Saying goodbye and stepping away from the only person you know into a world of unknown evokes every feeling a person can have. I've been told Peru, Lima specifically, is full of microclimates and you can experience all different weather in small periods of time and area. Traveling alone and starting your trip can do the same but with emotions.
I didn't want to let go of my mom. For two and a half weeks we have been constant companions. Laughing at the funny mishaps on our trip and sharing special moments together. This is a new feeling this time. Leaving someone at the airport in another country. I'm used to saying my goodbyes and being excited to leave the USA and enter the world exploring from there. The comfort of traveling with my mom made it hard. As I gave one last hug goodbye panic set in. As I walked away the overwhelming of feelings hit me. The time is here! Just myself and the things I fit into my one small backpack.
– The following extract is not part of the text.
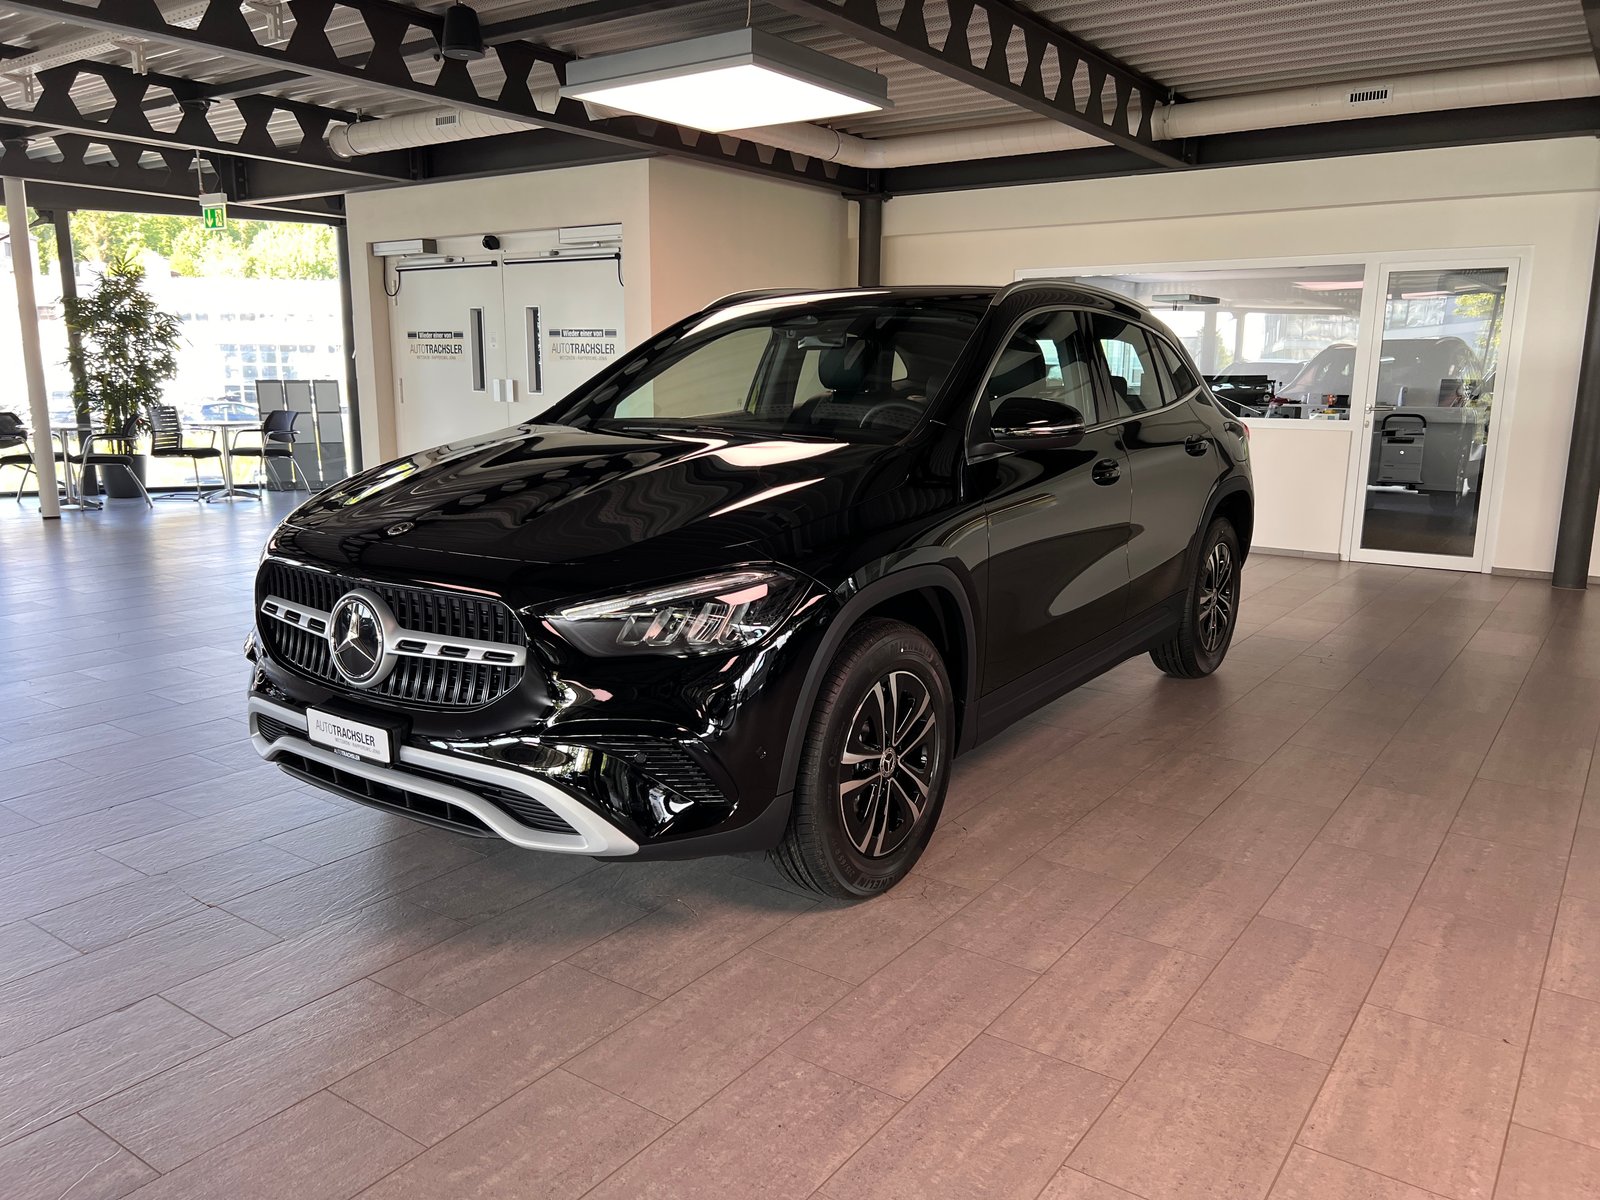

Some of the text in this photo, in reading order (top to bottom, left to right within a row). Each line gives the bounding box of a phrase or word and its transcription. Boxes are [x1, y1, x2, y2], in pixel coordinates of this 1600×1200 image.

As I sit in the back of the taxi, Lima streets pass me by. As you would expect from South America the colors, sounds, and smells are vivid and alive. A strip of the street is lined with walls that are painted with iconic images from around the world. My fear begins to dissipate and realization begins to take it's place. With each picture that passes I notice I have insight to many of the lifestyles and cultures that take place there. Not because I have studies the area or watched documentaries but because I have truly witnessed life there. I have lived a portion, whether a day or half a year, of my life there. And with every picture I look at I feel a connection to those places.
That is part of why I love to travel. I don't learn from a textbook. I get to actually touch, see, smell, feel, and interact with the people, the places, the monuments.
Some of you think I'm crazy to travel alone. Many think I'm lonely or love to be scared at the unknown. I'll admit I'm not fearless. The thought of traveling alone and starting a journey terrifies me. I've done it many times and it's been amazing in every way. Yet every time without fail I forget how easy it is and I get nervous.
Yes I love to travel but I'm scared just like anyone else. The difference is I push through that uncomfortable feeling so I can gain the benefits. Because without travel I would miss seeing the real world. I would miss meeting the beautifully diverse people of the world. I would miss learning from the people, their culture, and their land. I would miss seeing the world I'm inspired by, learning about the cultures I'm passionate about, and living the life I'm destined to live!
I do not want to miss any of those things. It's a liberating feeling to know I can travel wherever I want and when I want with only a backpack.
Simple I was to dream it, live it, and then inspire!